======== MATERIAL TO PROCESS ========

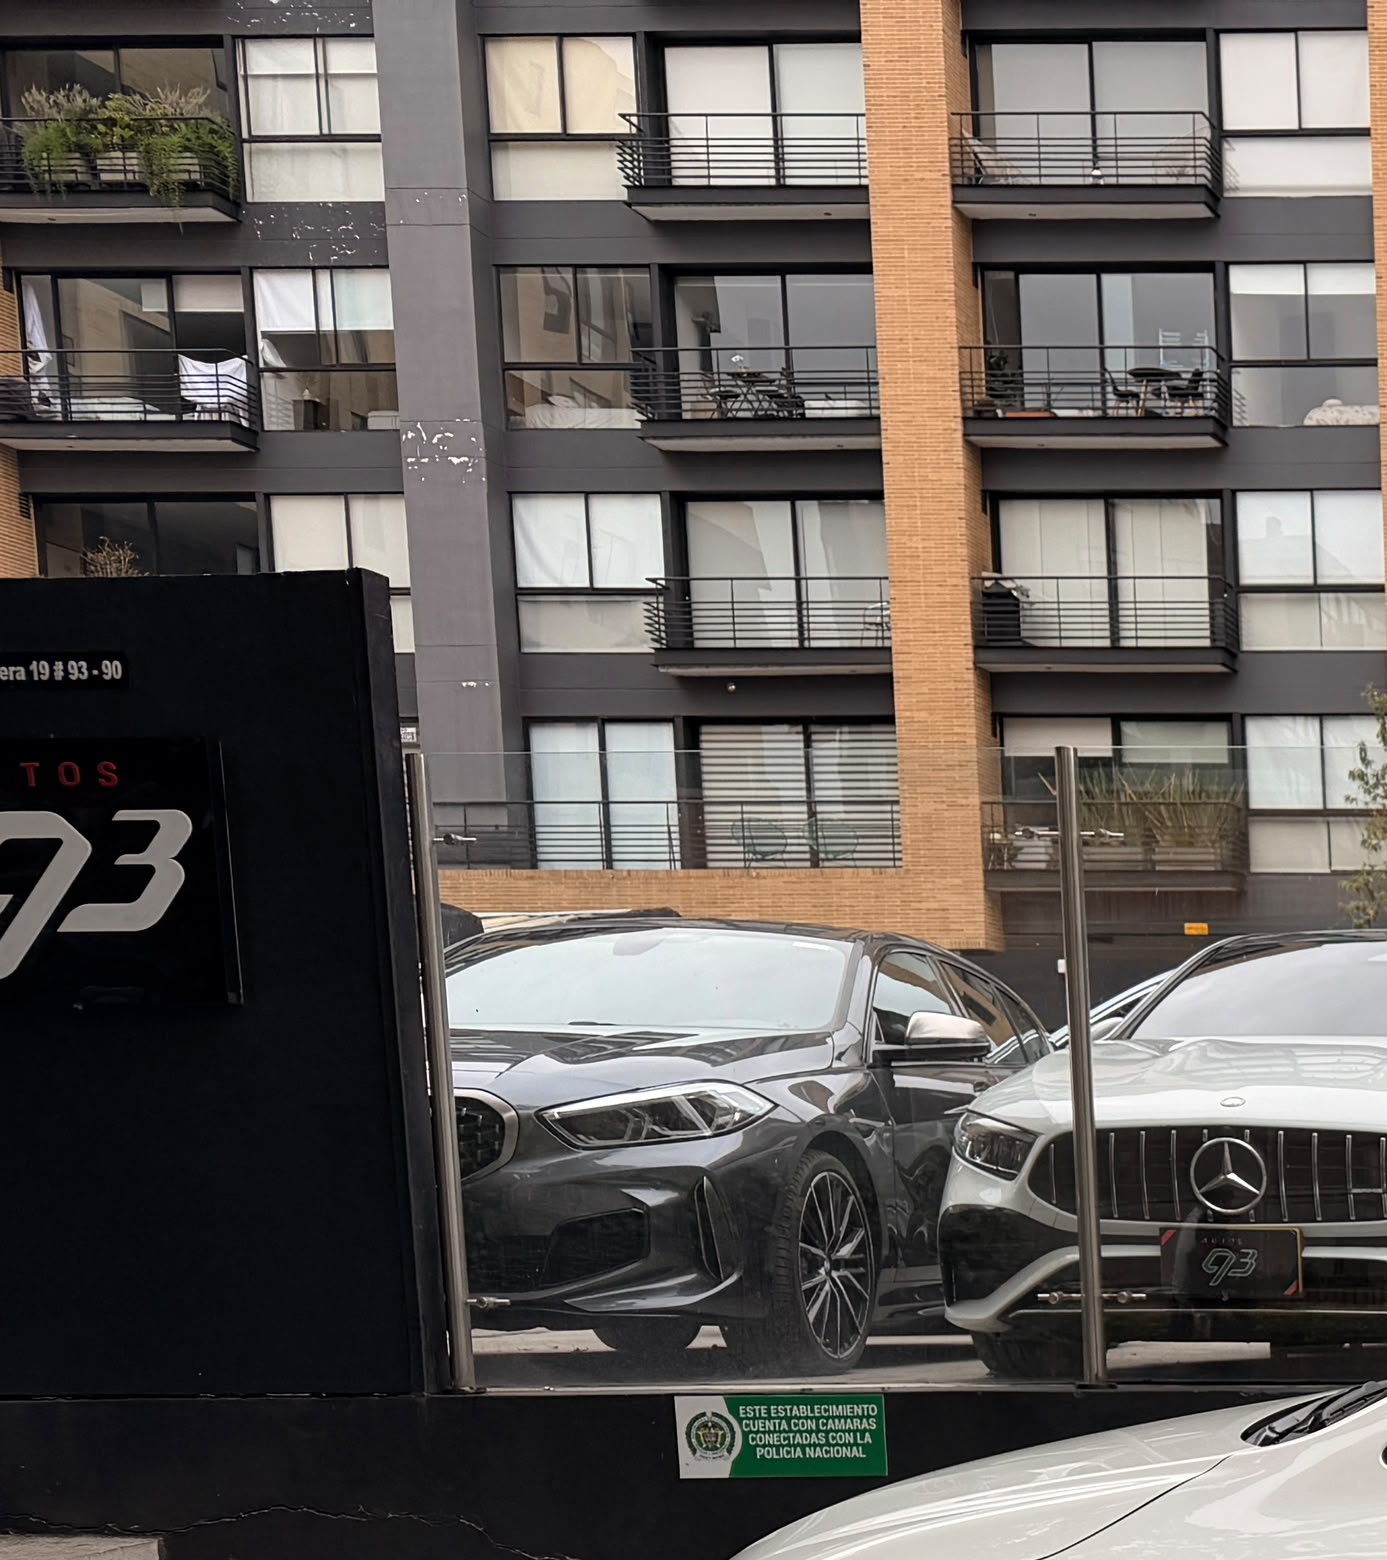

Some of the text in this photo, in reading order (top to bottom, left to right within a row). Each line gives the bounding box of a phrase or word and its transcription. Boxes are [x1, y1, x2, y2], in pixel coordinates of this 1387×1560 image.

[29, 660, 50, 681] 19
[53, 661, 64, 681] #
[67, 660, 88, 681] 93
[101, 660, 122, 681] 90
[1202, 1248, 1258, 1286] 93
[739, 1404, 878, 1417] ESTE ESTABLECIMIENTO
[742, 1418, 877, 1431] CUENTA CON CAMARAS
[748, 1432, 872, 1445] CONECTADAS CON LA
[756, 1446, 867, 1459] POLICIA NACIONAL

========

** WORK ITEM **
For this exercise, return the records above in full and exactly, omitting the images.

** EXPECTED ANSWER **
Some of the text in this photo, in reading order (top to bottom, left to right within a row). Each line gives the bounding box of a phrase or word and its transcription. Boxes are [x1, y1, x2, y2], in pixel coordinates of this 1387×1560 image.

[29, 660, 50, 681] 19
[53, 661, 64, 681] #
[67, 660, 88, 681] 93
[101, 660, 122, 681] 90
[1202, 1248, 1258, 1286] 93
[739, 1404, 878, 1417] ESTE ESTABLECIMIENTO
[742, 1418, 877, 1431] CUENTA CON CAMARAS
[748, 1432, 872, 1445] CONECTADAS CON LA
[756, 1446, 867, 1459] POLICIA NACIONAL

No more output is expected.